Please retype all of the entries that follow, leaving the images out.

[Start of section]

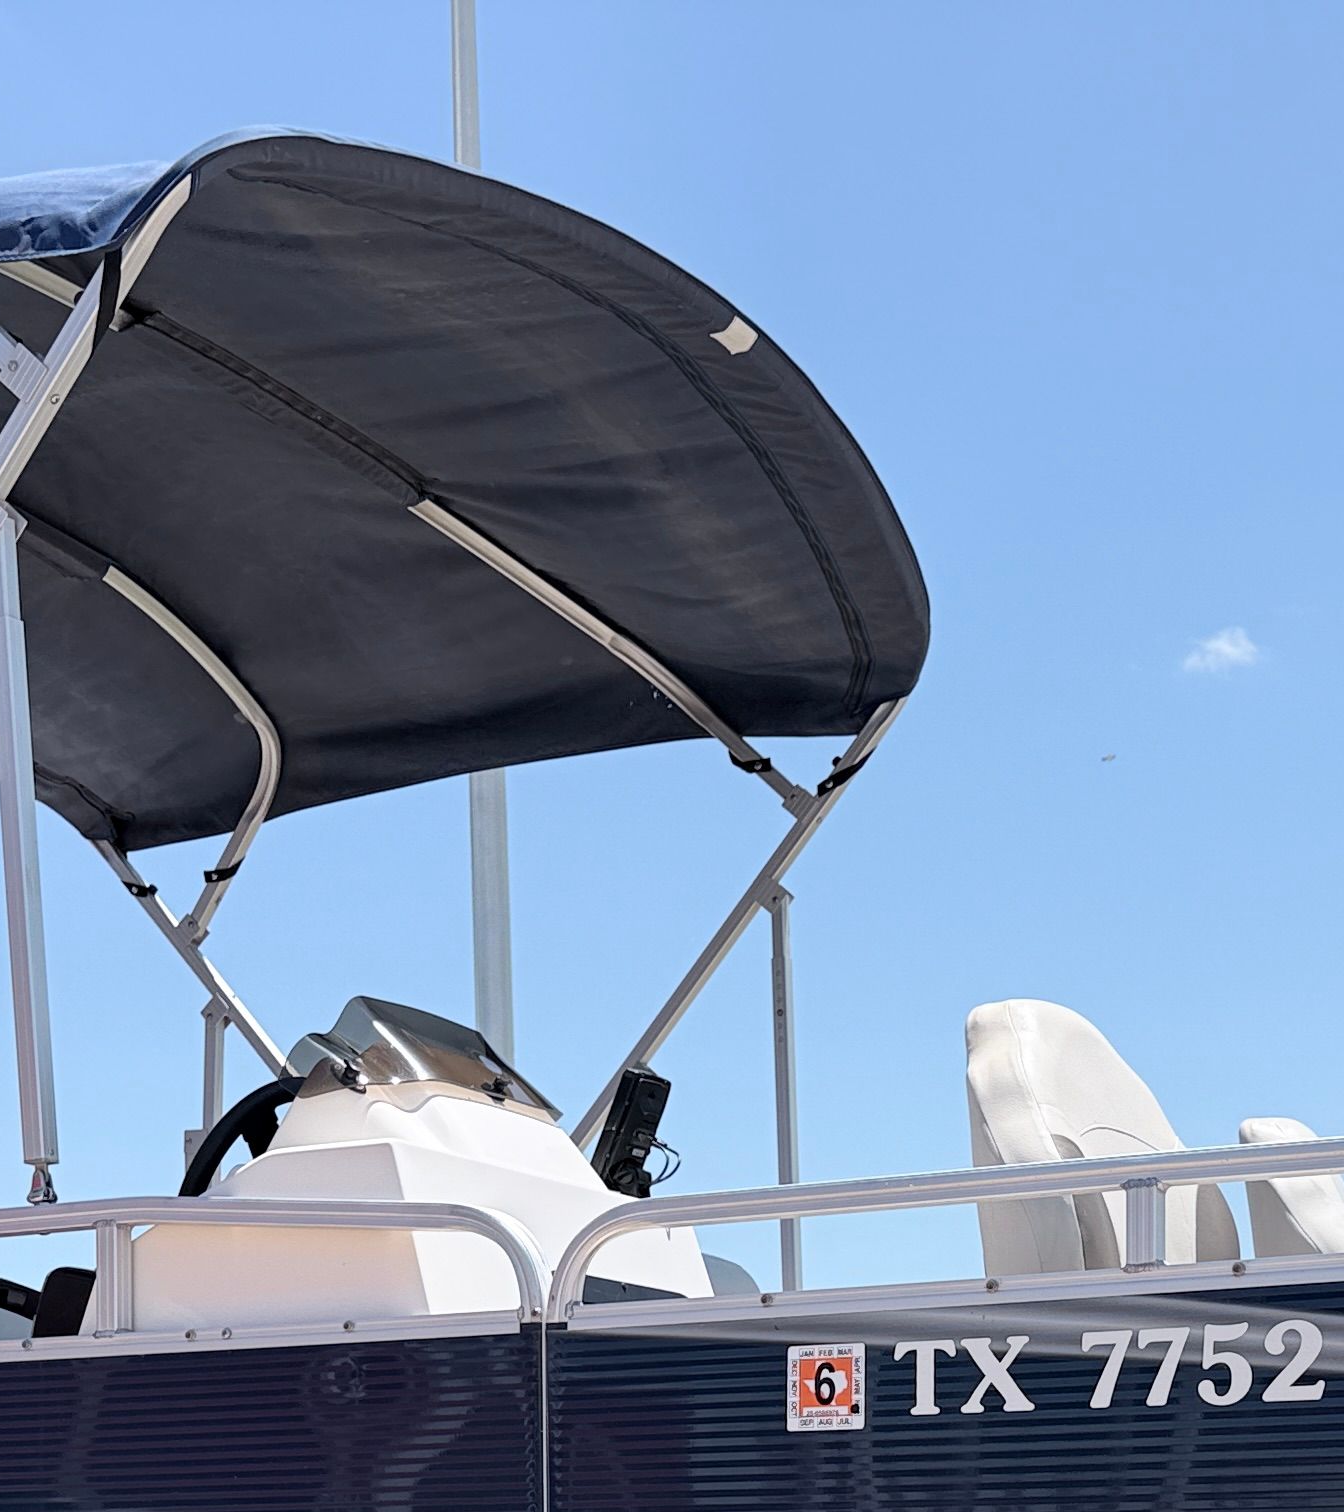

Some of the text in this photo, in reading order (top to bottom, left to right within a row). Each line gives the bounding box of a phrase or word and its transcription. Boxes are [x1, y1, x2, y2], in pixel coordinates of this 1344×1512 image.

[837, 1348, 852, 1356] MAR
[893, 1336, 1036, 1416] TX
[1081, 1319, 1326, 1409] 7752
[814, 1361, 836, 1406] 6
[818, 1418, 833, 1426] AUG
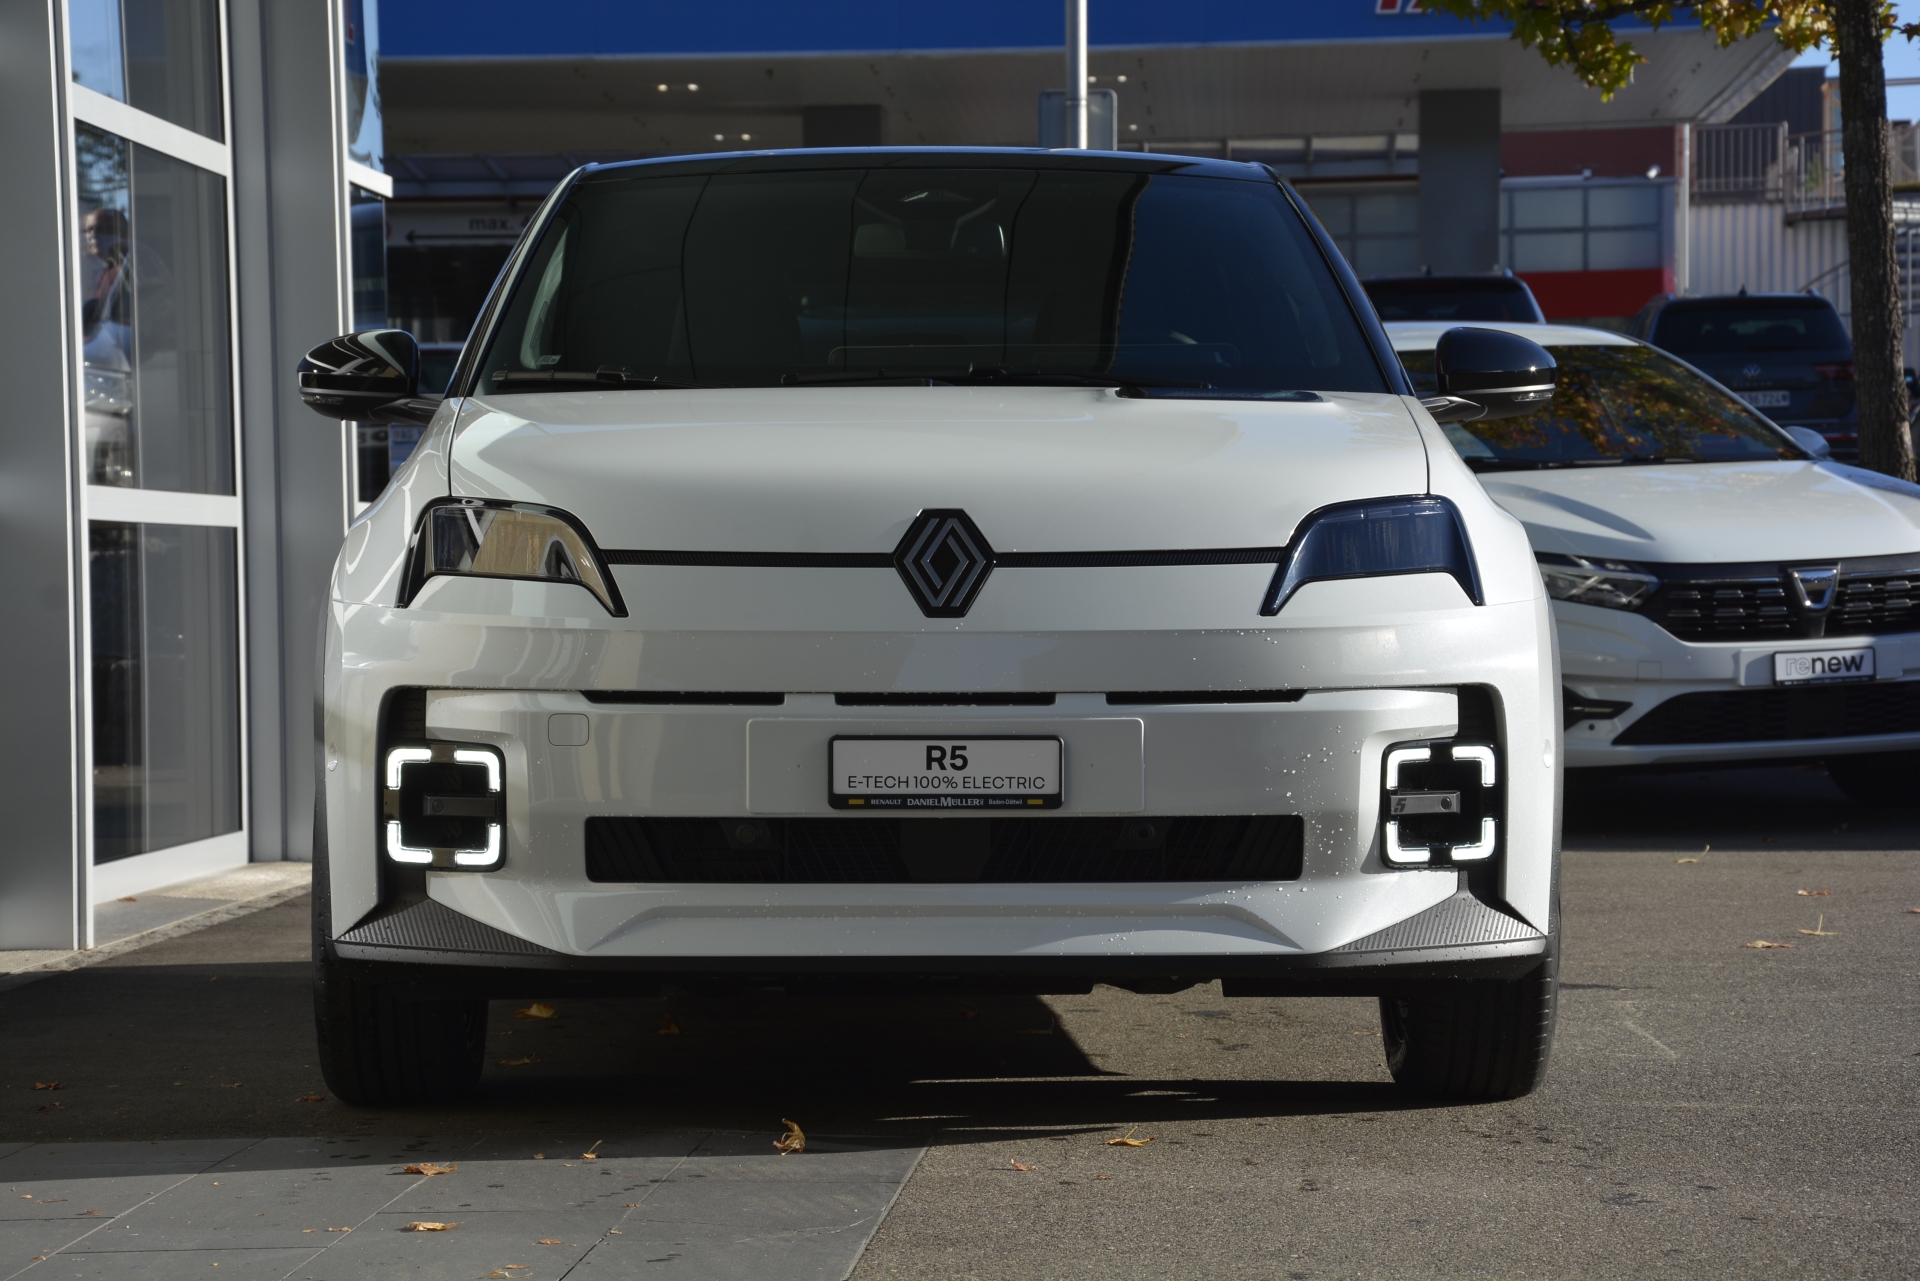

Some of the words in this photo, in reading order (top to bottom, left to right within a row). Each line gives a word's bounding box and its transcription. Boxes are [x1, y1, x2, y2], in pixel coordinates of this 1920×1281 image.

[468, 218, 514, 230] max.
[1785, 655, 1865, 676] renew
[925, 745, 969, 771] R5
[847, 775, 910, 790] E-TECH
[912, 775, 959, 790] 100%
[962, 775, 1046, 790] ELECTRIC
[870, 798, 902, 806] RENAULT

[End of section]

Task solution:
Some of the text in this photo, in reading order (top to bottom, left to right within a row). Each line gives the bounding box of a phrase or word and its transcription. Boxes are [x1, y1, x2, y2], in pixel coordinates of this 1344×1512 image.

[837, 1348, 852, 1356] MAR
[893, 1336, 1036, 1416] TX
[1081, 1319, 1326, 1409] 7752
[814, 1361, 836, 1406] 6
[818, 1418, 833, 1426] AUG

Some of the words in this photo, in reading order (top to bottom, left to right within a row). Each line gives a word's bounding box and its transcription. Boxes are [x1, y1, x2, y2], in pixel coordinates of this 1920×1281 image.

[468, 218, 514, 230] max.
[1785, 655, 1865, 676] renew
[925, 745, 969, 771] R5
[847, 775, 910, 790] E-TECH
[912, 775, 959, 790] 100%
[962, 775, 1046, 790] ELECTRIC
[870, 798, 902, 806] RENAULT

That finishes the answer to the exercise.